== PROBLEM TO SOLVE ==
The reply should hold every line of the data below, unchanged, and none of the pictures.

Stored dataset items:
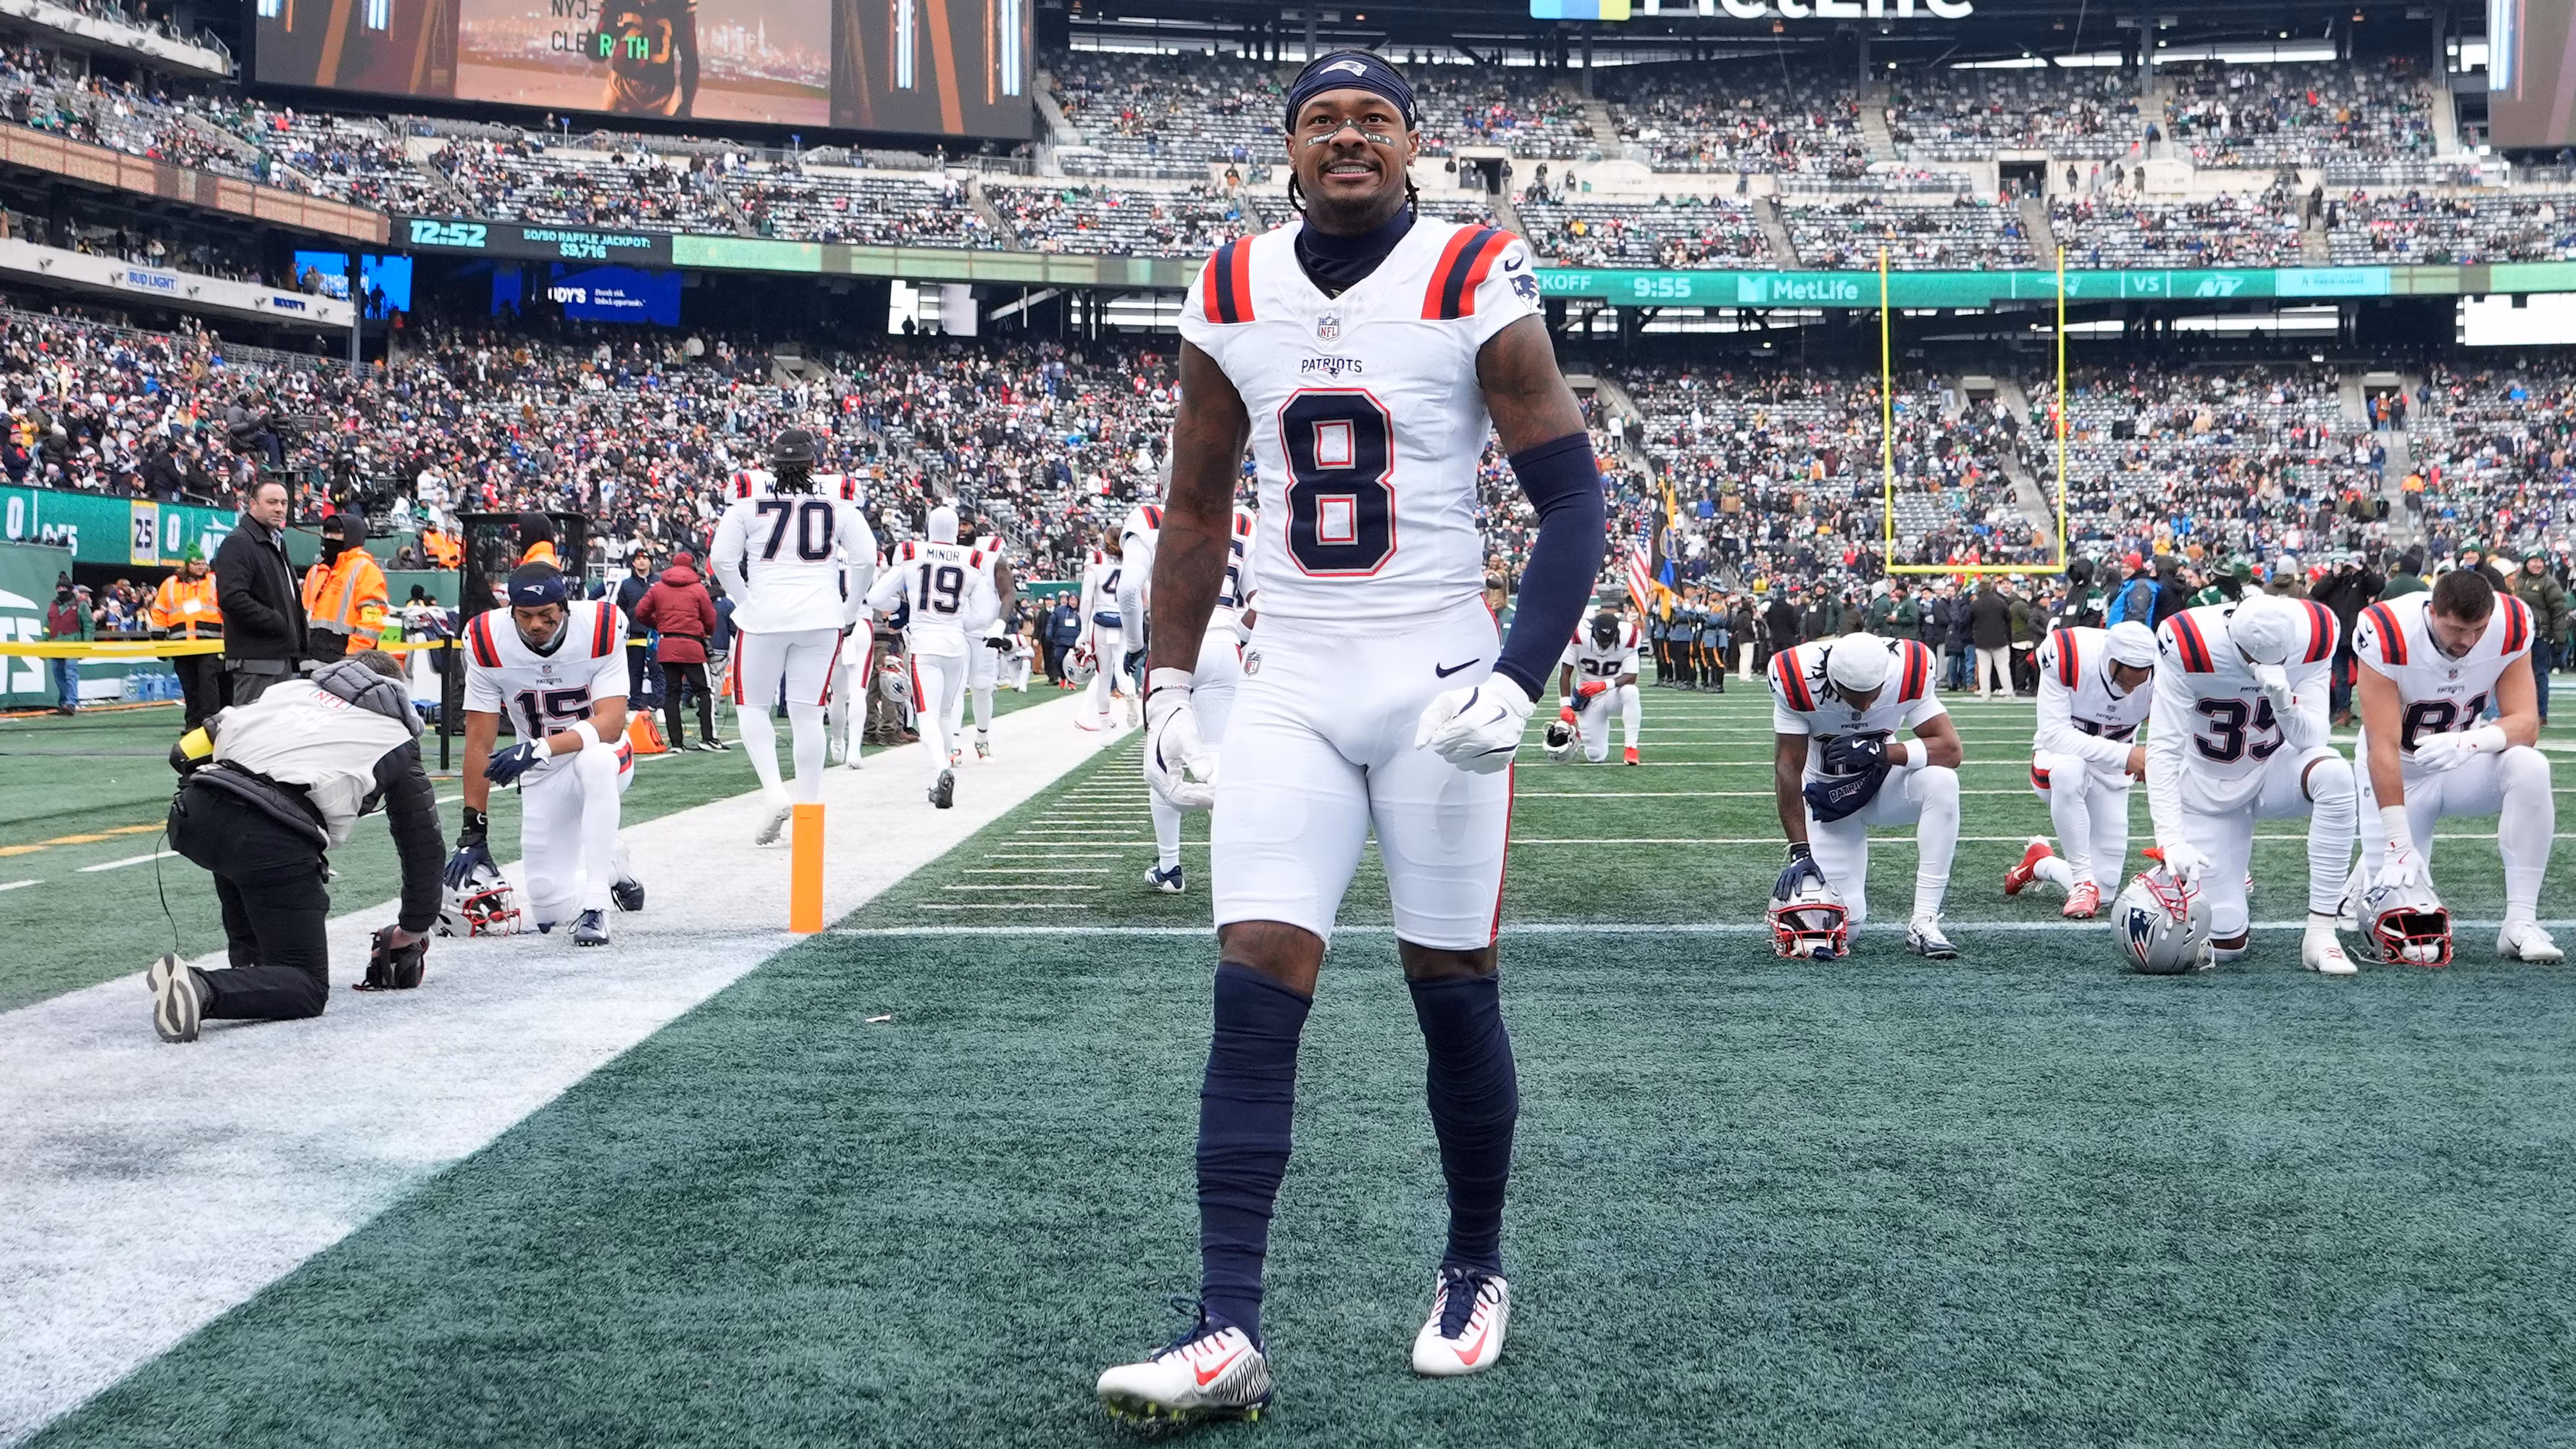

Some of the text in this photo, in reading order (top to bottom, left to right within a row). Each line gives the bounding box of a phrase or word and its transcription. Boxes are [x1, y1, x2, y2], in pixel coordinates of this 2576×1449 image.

[410, 220, 488, 248] 12:52
[523, 228, 651, 249] 50/50 RAFFLE JACKPOT:
[560, 242, 607, 259] $9,716
[129, 272, 176, 290] BUD LIGHT
[1634, 277, 1691, 297] 9:55
[1773, 279, 1859, 301] MetLife
[2133, 276, 2159, 292] VS
[1301, 357, 1363, 374] PATRIOTS
[1277, 387, 1398, 577] 8
[135, 518, 153, 548] 25
[166, 513, 181, 552] 0
[756, 498, 836, 563] 70
[926, 548, 961, 562] MINOR
[917, 561, 966, 615] 19
[314, 690, 346, 711] NFL
[514, 684, 595, 740] 15
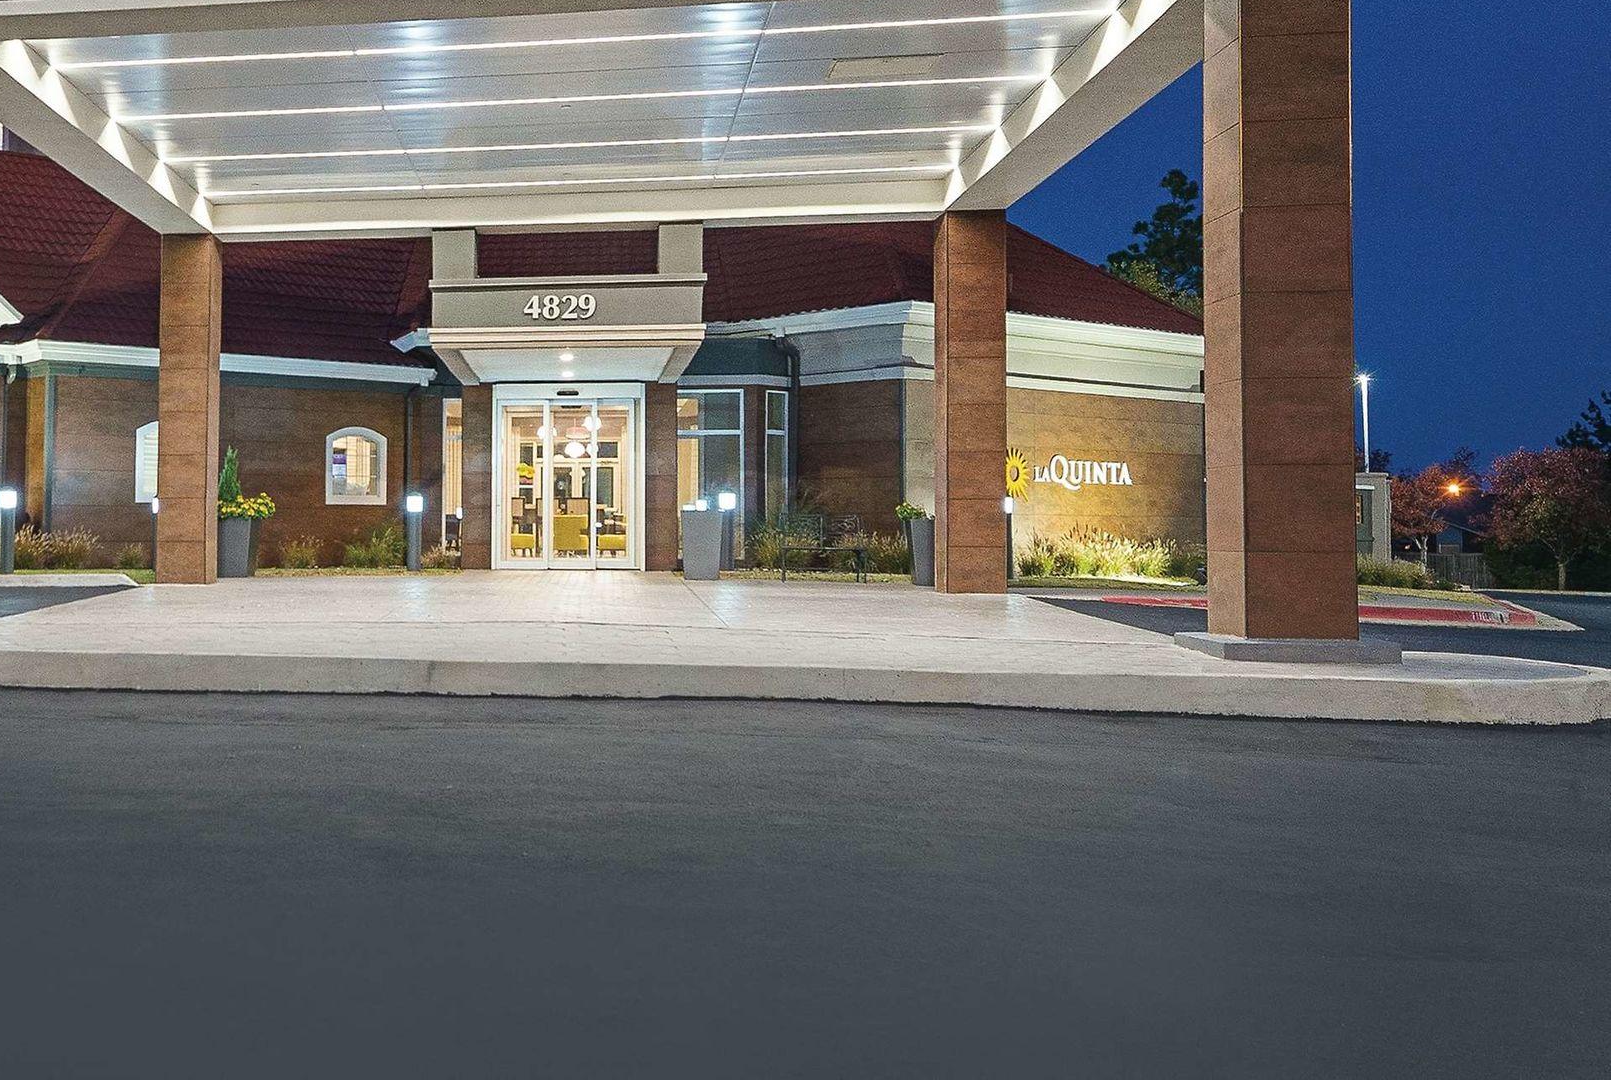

== TASK RESULT ==
Some of the text in this photo, in reading order (top to bottom, left to right within a row). Each line gives the bounding box of a phrase or word and its transcription. Boxes are [x1, y1, x2, y2], in pixel coordinates of this 2576×1449 image.

[410, 220, 488, 248] 12:52
[523, 228, 651, 249] 50/50 RAFFLE JACKPOT:
[560, 242, 607, 259] $9,716
[129, 272, 176, 290] BUD LIGHT
[1634, 277, 1691, 297] 9:55
[1773, 279, 1859, 301] MetLife
[2133, 276, 2159, 292] VS
[1301, 357, 1363, 374] PATRIOTS
[1277, 387, 1398, 577] 8
[135, 518, 153, 548] 25
[166, 513, 181, 552] 0
[756, 498, 836, 563] 70
[926, 548, 961, 562] MINOR
[917, 561, 966, 615] 19
[314, 690, 346, 711] NFL
[514, 684, 595, 740] 15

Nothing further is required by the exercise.